Directions for this task
Each line below needs to be returned exactly. Skip any picture.
═════ Source data ═════
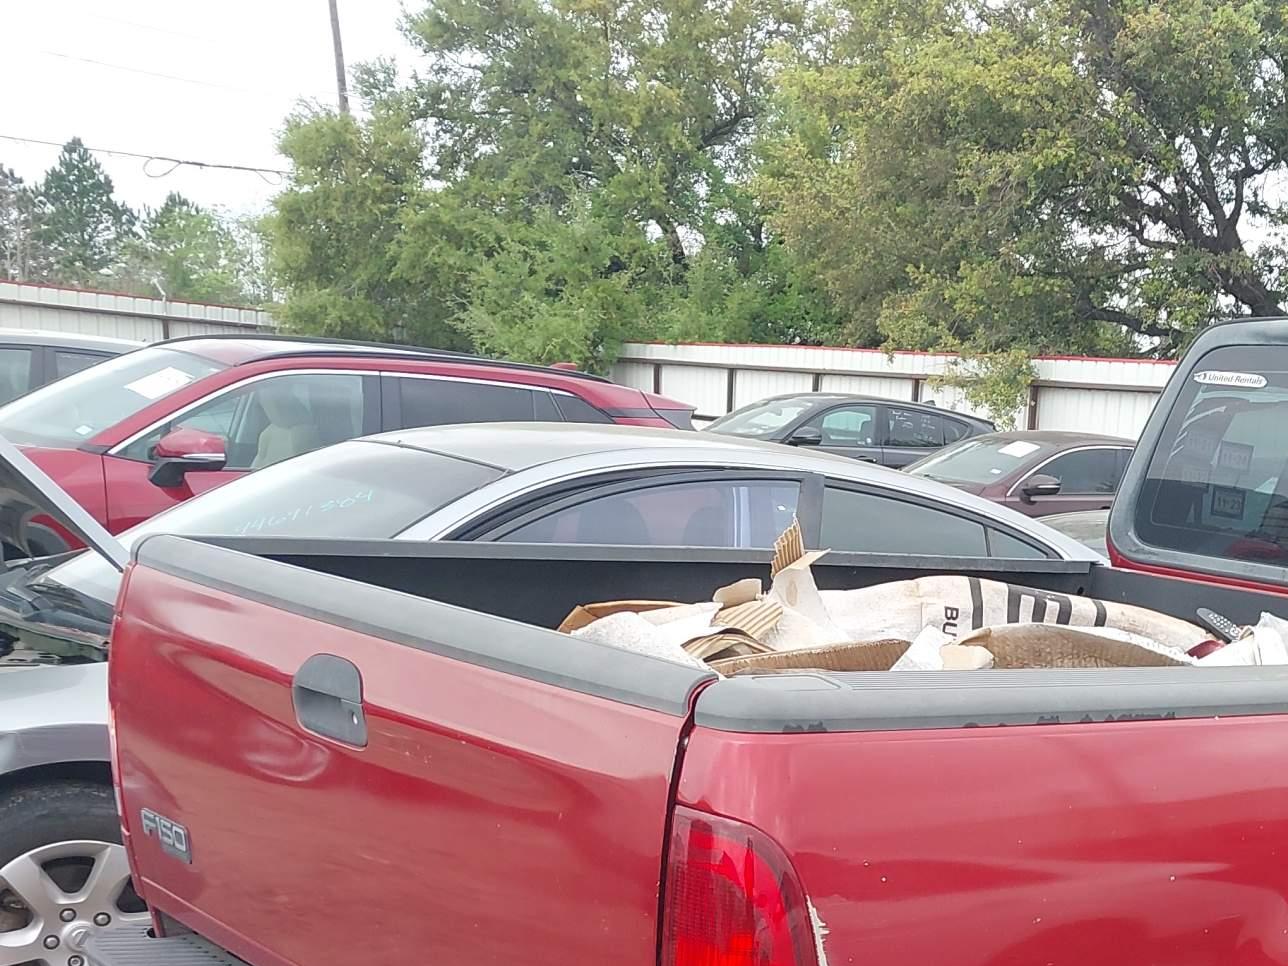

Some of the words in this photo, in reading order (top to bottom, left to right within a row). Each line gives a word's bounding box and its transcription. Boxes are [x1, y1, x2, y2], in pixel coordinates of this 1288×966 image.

[1208, 373, 1233, 383] United
[1235, 375, 1263, 385] Rentals
[942, 606, 959, 640] BU
[141, 809, 187, 852] F150
═════
Written answer
Some of the words in this photo, in reading order (top to bottom, left to right within a row). Each line gives a word's bounding box and its transcription. Boxes are [x1, y1, x2, y2], in pixel coordinates of this 1288×966 image.

[1208, 373, 1233, 383] United
[1235, 375, 1263, 385] Rentals
[942, 606, 959, 640] BU
[141, 809, 187, 852] F150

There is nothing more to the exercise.